Australian (ASX) Stock Market Forum

Use of financial planners

Tech, what specifically gave you the confidence to sell your whole portfolio?

The consensus of opinion of those who I respect as traders was that this (The Bull run) could not go on forever.
Started thinking seriously about the possibility of a sustained bear market at around 5000 but by around 6000
My own analysis which is here on ASF if anyone wants to have a look---suggested that at around 6400 that this was the top. That's when I sold. The power of the Bull Market did continue and was followed in analysis.
My View wasn't held alone but certainly not by most.

https://www.aussiestockforums.com/forums/showthread.php?t=6211&page=2

Which at the time I was considered a nutter as the thread shows. The eventual top was 6880 so was 450 points off

Bugga!

Not long after the same people were suggesting that a new high may not be reached for 7 yrs.
That too went down like a lead balloon.

So you'll be a long time "IN the Market!"

But even now your hearing about such amazing bargain 70% off their highs
Incredible.

Really!
Ever though that NOW that's all the stock is worth?
That a return to yesteryear is not really on the cards.
That all sorts of drastic measures maybe needed just to keep a float!
Parts may be sold,extra capital may need to be raised.

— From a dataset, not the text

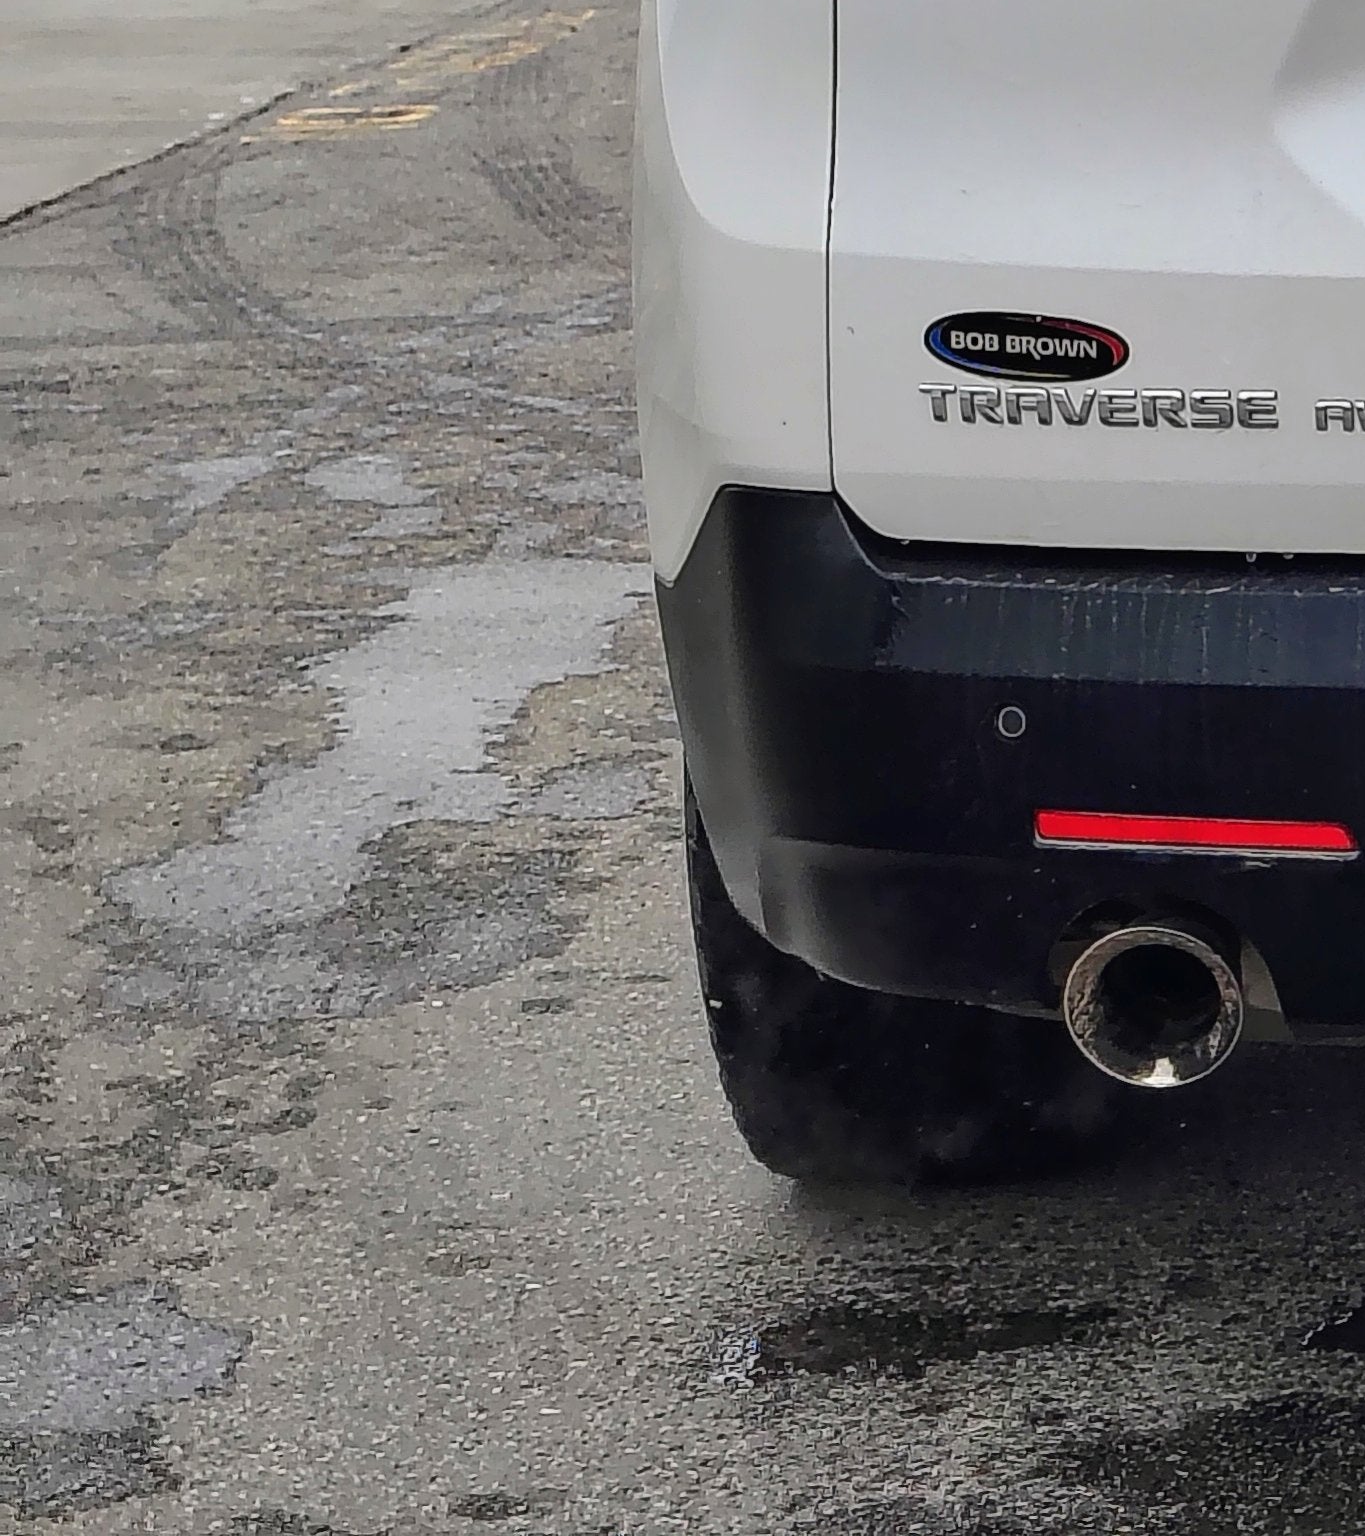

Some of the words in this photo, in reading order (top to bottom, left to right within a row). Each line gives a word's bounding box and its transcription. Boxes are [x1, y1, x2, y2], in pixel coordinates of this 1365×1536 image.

Basic stuff but do you hear your F/A spruiking any of it?
Nah! Didnt think so
 
Basic stuff but do you hear your F/A spruiking any of it?
Nah! Didnt think so

I got out just over 6000, in April 07. Fundamentals guys I respect in the US were starting to warn of how big a problem sub prime was. (James Grant, Barry Ritholz, Bill Gross, John Mauldin, Roubini, Shiller, Faber, Rogers etc.) Credit would tighten in the face of higher rolling CDO tranche refinance or bad debt write downs.

So I couldn't see significant capacity for the US consumer to take on higher debt....ergo global consumption had to plateau or fall. The China decoupling thing was pixiesville back then imho. Will take another decade for that.

I missed a lot of profit on commodities, but risk/reward didn't justify it.

Built a couple of duplexes on two lots put under contract in Feb07 in Brissie instead...and decided to flick them in March08 when I saw no further growth in property for years.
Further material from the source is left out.